Di Inggris, perlindungan sekularisme terhadap agama itu bahkan disimbolisasikan dengan menjadikan Ratu Inggris sebagai Kepala Gereja Anglikan. Meskipun sekilas tampak bertentangan dengan prinsip sekularisme, yakni pemisahan agama dan negara, tapi Ratu Inggris sendiri, secara de facto sesungguhnya tak punya kekuatan apa-apa alias sudah terpisah dengan sendirinya dari negara (pemerintahan).
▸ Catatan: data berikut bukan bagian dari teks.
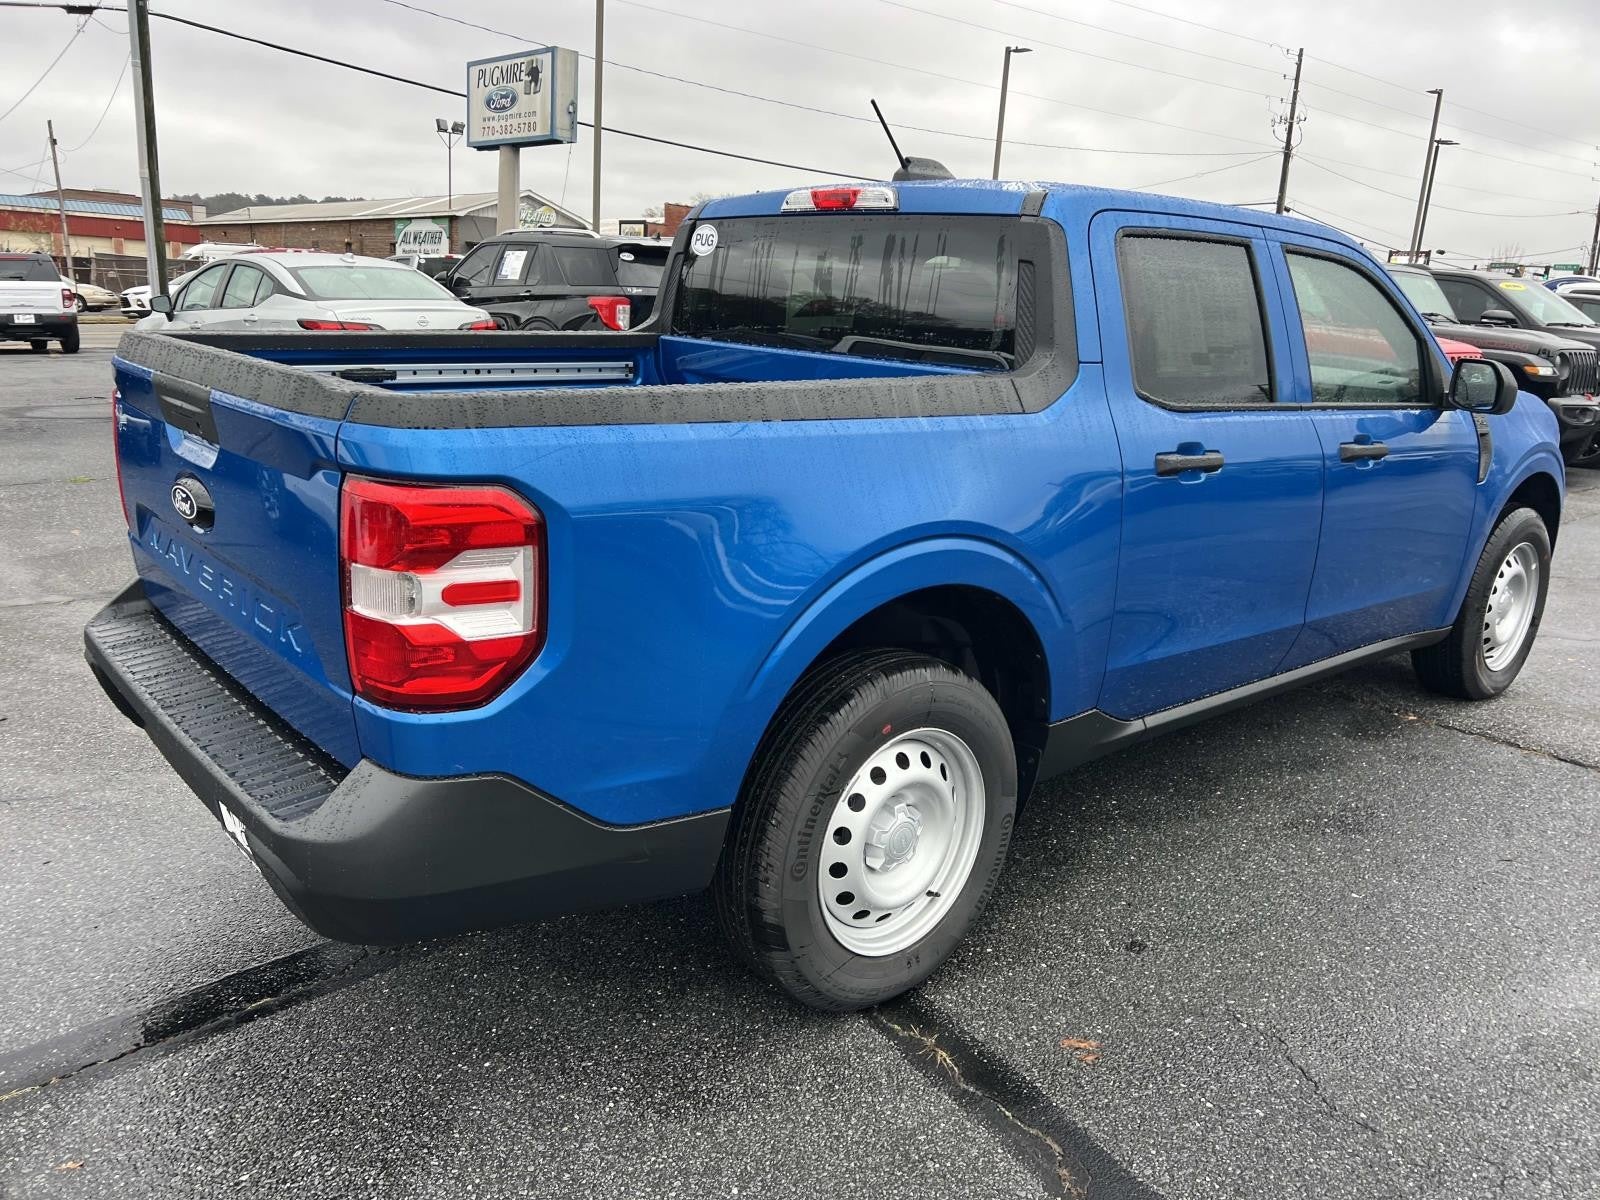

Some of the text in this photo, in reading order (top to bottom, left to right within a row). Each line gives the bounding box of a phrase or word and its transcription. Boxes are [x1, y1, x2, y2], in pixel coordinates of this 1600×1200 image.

[477, 61, 525, 88] PUGMIRE
[490, 91, 513, 109] Ford
[482, 110, 537, 123] www.pugmire.com
[481, 121, 537, 137] 770-382-5780
[400, 231, 443, 246] ALL WEATHER
[694, 233, 715, 246] PUG
[174, 489, 192, 515] Ford
[150, 531, 303, 654] MAVERICK
Sekularisme sesungguhnya adalah berkah bagi agama-agama. Di Turki, para aktivis Islam yang tergabung dalam Partai Kebajikan yang berorientasi Islam, menuntut negara agar menerapkan sekularisme secara fair. Merve Kavacki, anggota parlemen Turki berjilbab yang pernah membuat heboh pada tahun 2000 dengan tegas mengatakan bahwa dia dan partainya tak pernah ada masalah dengan sekularisme. “Yang kita inginkan adalah penerapan sekularisme secara adil dan benar, seperti negara-negara Barat melaksanakannya.”
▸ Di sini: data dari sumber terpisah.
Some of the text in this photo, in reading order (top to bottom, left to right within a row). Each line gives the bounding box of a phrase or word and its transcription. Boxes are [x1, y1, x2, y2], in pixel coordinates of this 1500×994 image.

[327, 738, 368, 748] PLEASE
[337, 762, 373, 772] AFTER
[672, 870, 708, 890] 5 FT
Sama seperti di Turki, di India, kaum Muslim menginginkan sekularisme dan mencemaskan kalau-kalau BJP, partai fundamentalis Hindu, mengganti sekularisme dengan Hindutva, syariah-nya orang-orang Hindu. Buat kaum Muslim di sana, sekularisme adalah berkah yang tak ternilai harganya.

Alangkah tidak fair jika kita mengecam sekularisme semata-mata karena kita merujuk pada praktik sekularisme yang salah. Kita tentu saja tak menginginkan model sekularisme Turki, atau Mesir, atau Perancis. Lagi pula, mengapa kita terobsesi dengan negara-negara yang gagal ini? Mengapa tak berkaca pada pengalaman yang jelas-jelas terbukti sukses?